=== PROVIDED MATERIAL ===
────────────────────
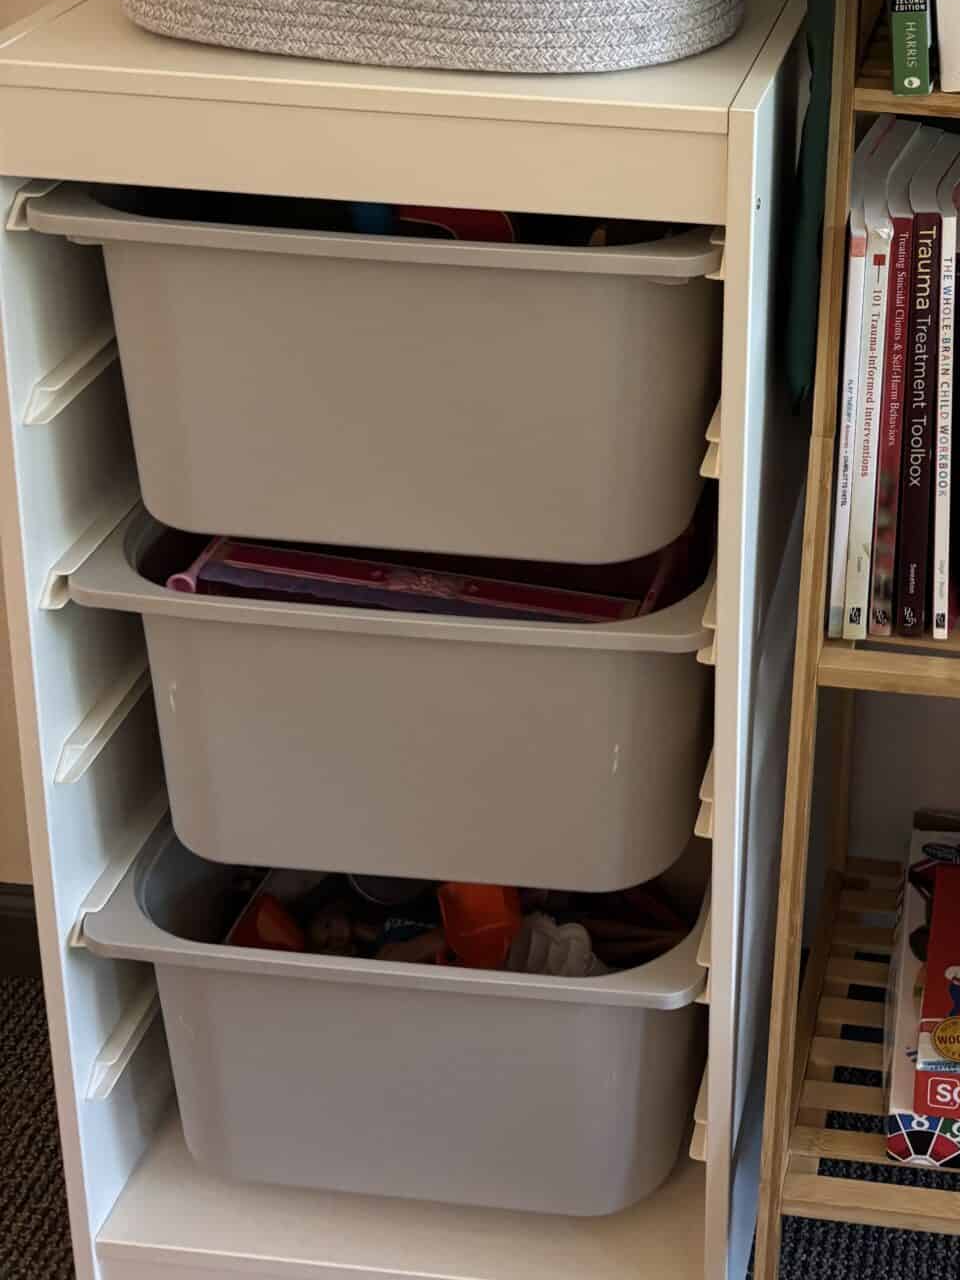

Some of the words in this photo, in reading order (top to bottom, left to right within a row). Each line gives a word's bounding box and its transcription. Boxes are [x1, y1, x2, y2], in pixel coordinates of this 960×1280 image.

[896, 231, 909, 268] Treating
[916, 226, 937, 310] Trauma
[943, 256, 953, 281] THE
[872, 288, 882, 308] 101
[895, 271, 908, 307] Suicidal
[893, 309, 905, 340] Clients
[941, 286, 952, 376] WHOLE-BRAIN
[864, 312, 881, 404] Trauma-Informed
[890, 353, 903, 400] Self-Harm
[912, 314, 932, 408] Treatment
[940, 381, 951, 419] CHILD
[860, 407, 874, 477] Interventions
[888, 402, 900, 447] Behaviors
[908, 415, 928, 487] Toolbox
[938, 424, 950, 497] WORKBOOK
────────────────────
=== WHAT YOU NEED TO DO ===
Give an exact copy of the listing above that leaves out every picture.

=== RESPONSE ===
Some of the words in this photo, in reading order (top to bottom, left to right within a row). Each line gives a word's bounding box and its transcription. Boxes are [x1, y1, x2, y2], in pixel coordinates of this 960×1280 image.

[896, 231, 909, 268] Treating
[916, 226, 937, 310] Trauma
[943, 256, 953, 281] THE
[872, 288, 882, 308] 101
[895, 271, 908, 307] Suicidal
[893, 309, 905, 340] Clients
[941, 286, 952, 376] WHOLE-BRAIN
[864, 312, 881, 404] Trauma-Informed
[890, 353, 903, 400] Self-Harm
[912, 314, 932, 408] Treatment
[940, 381, 951, 419] CHILD
[860, 407, 874, 477] Interventions
[888, 402, 900, 447] Behaviors
[908, 415, 928, 487] Toolbox
[938, 424, 950, 497] WORKBOOK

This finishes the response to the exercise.